This project aimed to investigate how well models trained on synthetic data performed when classifying real IoT attack data. Before running any of the notebooks, you first need to get the data.
Make sure all the csv files are in /csvfiles for the loading and training to work. The CSV Files are located here: https://www.unb.ca/cic/datasets/iotdataset-2023.html. After you download the ZIP file, make sure to place the CSVS in /csvfiles.
Your directory should then look something like
Each directory in this project serves a different purpose and we made it as modular as possible (and each section has it's own README as well).
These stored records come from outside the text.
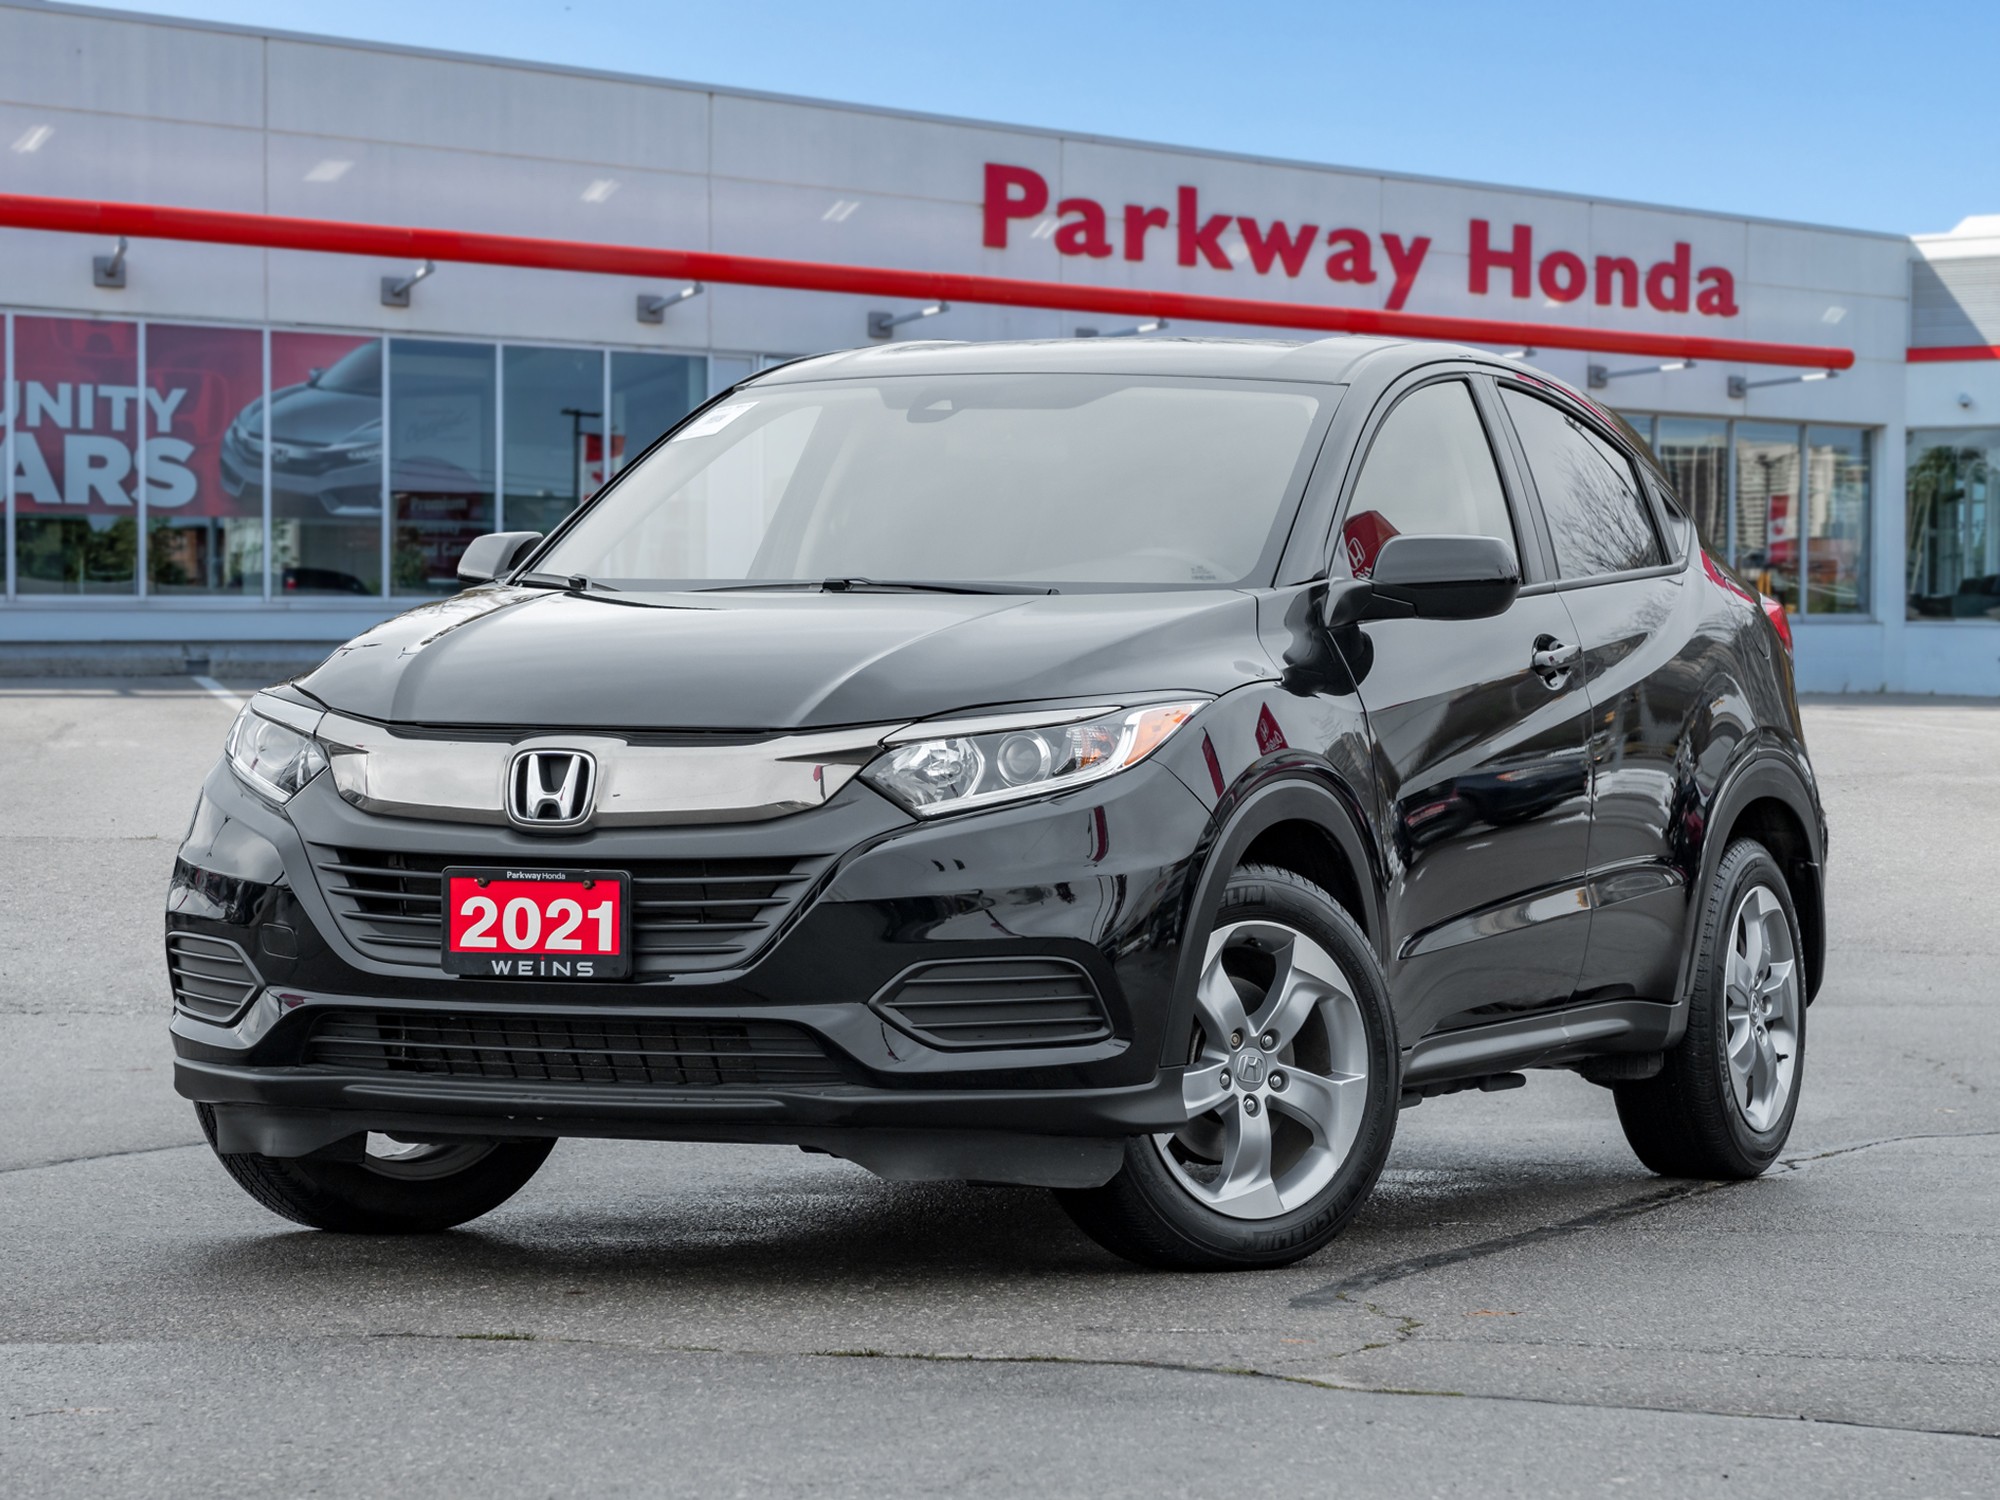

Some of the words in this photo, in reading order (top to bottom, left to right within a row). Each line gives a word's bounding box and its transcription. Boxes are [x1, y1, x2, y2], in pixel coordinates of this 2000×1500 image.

[983, 163, 1431, 311] Parkway
[1468, 219, 1739, 317] Honda
[506, 871, 541, 881] Parkway
[542, 872, 566, 880] Honda
[459, 896, 613, 951] 2021
[491, 960, 594, 976] WEINS
A high level overview of each directory is below:
- data_breakdown contains two notebooks used to describe the features and label in our dataset.
- generator_custom contains a notebook used to train our CTGAN synthetic model. It trains, and saves the model and also has an example on how to load it. To load the CTGAN model you need to download it from here: https://drive.google.com/file/d/18093QX17Io-i9c6IOI7lgnaXF-aasJel/view?usp=drive_link since it was too large to upload to Github. There are also python files you can run instead of a notebook, each with a different set of size parameters depending on how much real data you wanted to sample.
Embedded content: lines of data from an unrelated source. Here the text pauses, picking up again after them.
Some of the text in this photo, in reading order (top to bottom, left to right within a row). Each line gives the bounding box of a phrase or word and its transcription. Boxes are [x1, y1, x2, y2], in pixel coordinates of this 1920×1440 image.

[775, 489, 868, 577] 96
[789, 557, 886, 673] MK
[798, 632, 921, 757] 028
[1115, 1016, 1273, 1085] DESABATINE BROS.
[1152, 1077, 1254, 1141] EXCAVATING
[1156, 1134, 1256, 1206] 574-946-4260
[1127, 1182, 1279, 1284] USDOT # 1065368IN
- hpc_batch_scripts has all of the scripts used to run the models on the High Performance Computing Cluster. More info can be found here: https://hpc.ncsu.edu/Hazel/
- neuralnetwork contains notebooks and python files pertaining to the training of our neural network. We have a simple neural architecture, and a complex one that you can run and train. There are also two trained models there (one on synthetic data and one on real data) that accurately classify the 7 class problem.
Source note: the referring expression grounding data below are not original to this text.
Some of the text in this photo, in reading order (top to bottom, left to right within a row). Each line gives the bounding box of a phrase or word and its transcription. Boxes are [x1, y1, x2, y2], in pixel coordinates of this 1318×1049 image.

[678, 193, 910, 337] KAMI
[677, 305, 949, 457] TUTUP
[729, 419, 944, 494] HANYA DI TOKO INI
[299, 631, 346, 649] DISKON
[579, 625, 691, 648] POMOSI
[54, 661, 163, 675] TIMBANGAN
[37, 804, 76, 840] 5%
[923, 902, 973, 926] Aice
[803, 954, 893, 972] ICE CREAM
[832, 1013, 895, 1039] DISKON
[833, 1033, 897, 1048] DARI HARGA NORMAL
- regression contains notebooks to train a logistic regression classifier on the dataset.
- synthetic_data contains a notebook and python files related to training a Gaussian Copula model for generating synthetic data along with the synthesizer in /synthetic_data/synthesizer_pickles/
- util has utilities that each of the models use to load, and scale our data. It handles the 2/7/34 class transformation and takes an argument to serve different sample sizes. The notebooks and python files throughout our repo show different usage examples.
- yaml has the necessary dependencies in yaml format for the HPC cluster (and can be used locally if using anaconda).
- model_serving has a compose file with our model in the saved model format so you can run inference using the neural network.